PROVIDED DATA section start

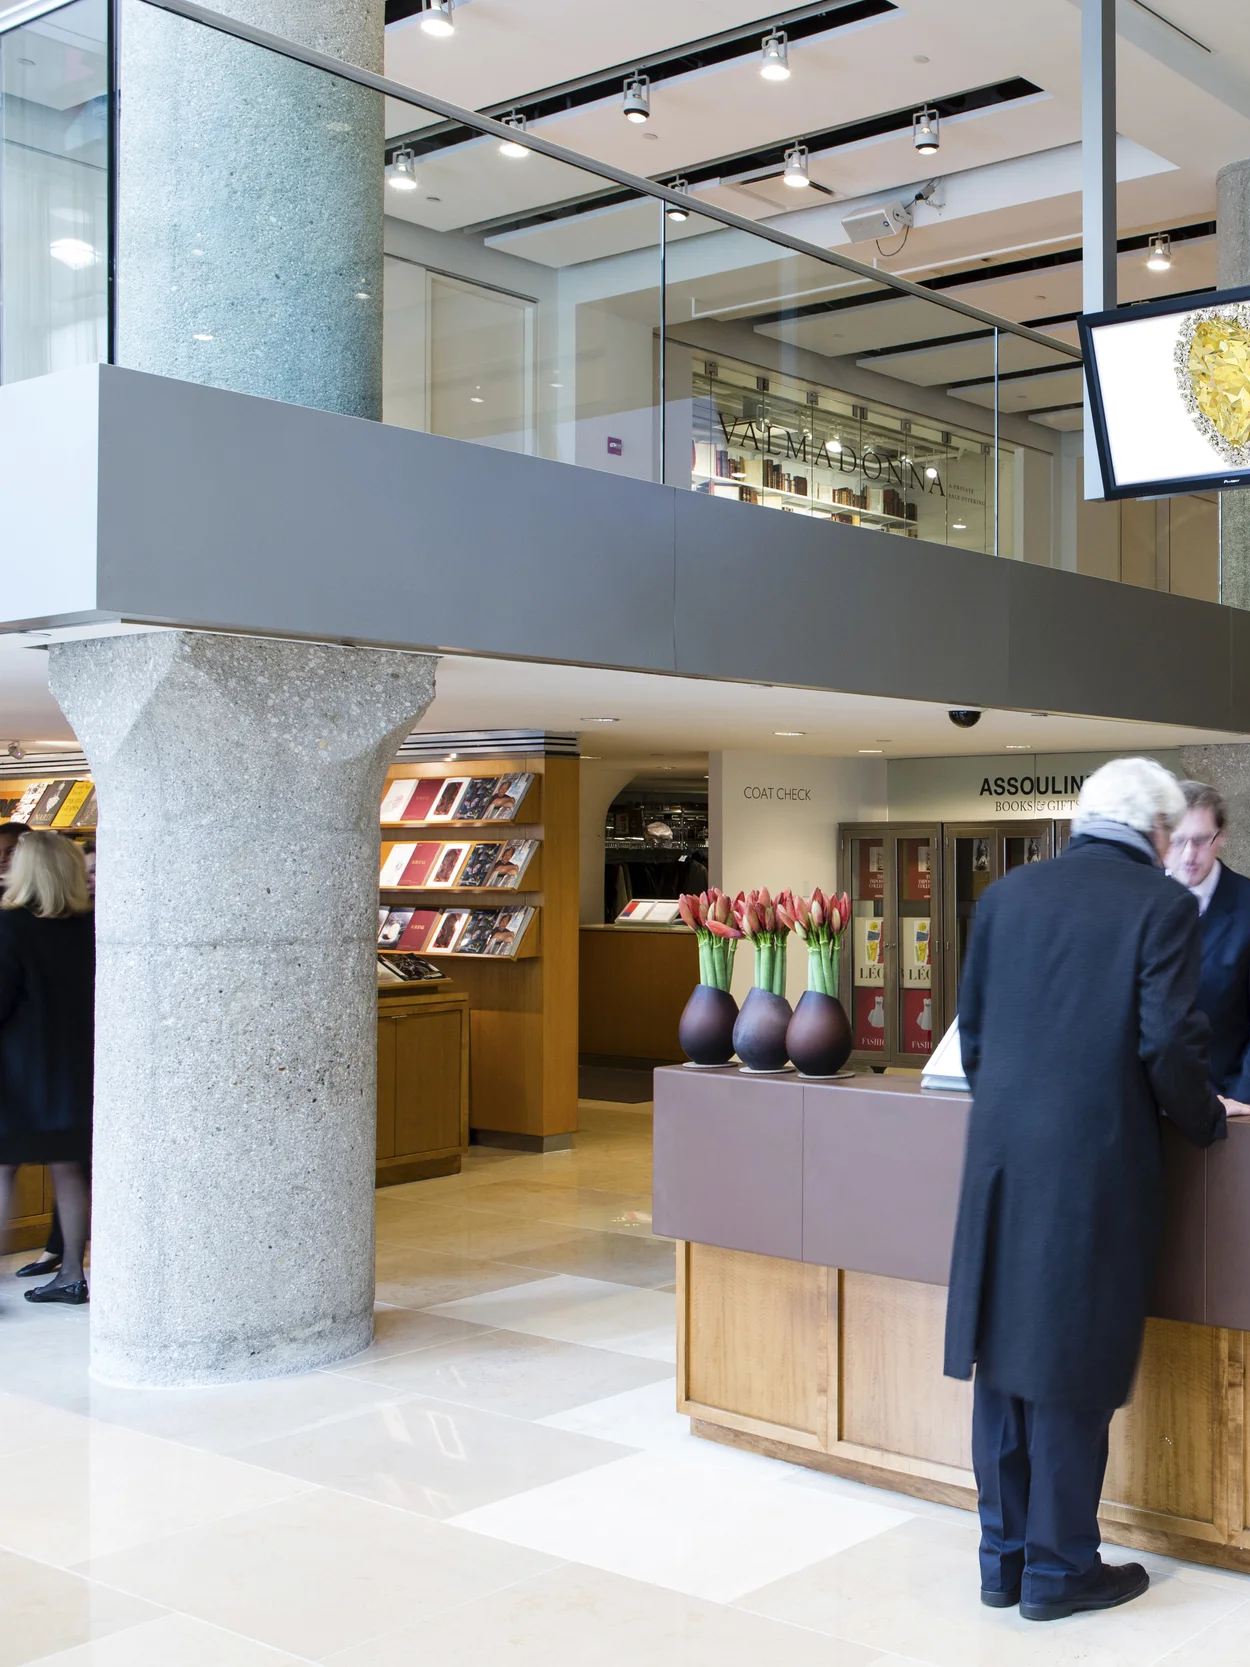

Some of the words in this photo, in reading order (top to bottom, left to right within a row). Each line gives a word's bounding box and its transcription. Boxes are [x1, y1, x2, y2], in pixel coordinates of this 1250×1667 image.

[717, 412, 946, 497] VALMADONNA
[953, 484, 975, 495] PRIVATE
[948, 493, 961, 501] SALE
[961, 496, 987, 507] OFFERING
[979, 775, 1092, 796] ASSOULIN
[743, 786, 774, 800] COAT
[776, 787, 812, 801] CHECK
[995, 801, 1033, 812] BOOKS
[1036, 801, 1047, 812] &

PROVIDED DATA section end

- **YOUR GOAL**
Could the data above be reproduced exactly, with the pictures left out?

- **RESULT FOR THIS EXERCISE**
Some of the words in this photo, in reading order (top to bottom, left to right within a row). Each line gives a word's bounding box and its transcription. Boxes are [x1, y1, x2, y2], in pixel coordinates of this 1250×1667 image.

[717, 412, 946, 497] VALMADONNA
[953, 484, 975, 495] PRIVATE
[948, 493, 961, 501] SALE
[961, 496, 987, 507] OFFERING
[979, 775, 1092, 796] ASSOULIN
[743, 786, 774, 800] COAT
[776, 787, 812, 801] CHECK
[995, 801, 1033, 812] BOOKS
[1036, 801, 1047, 812] &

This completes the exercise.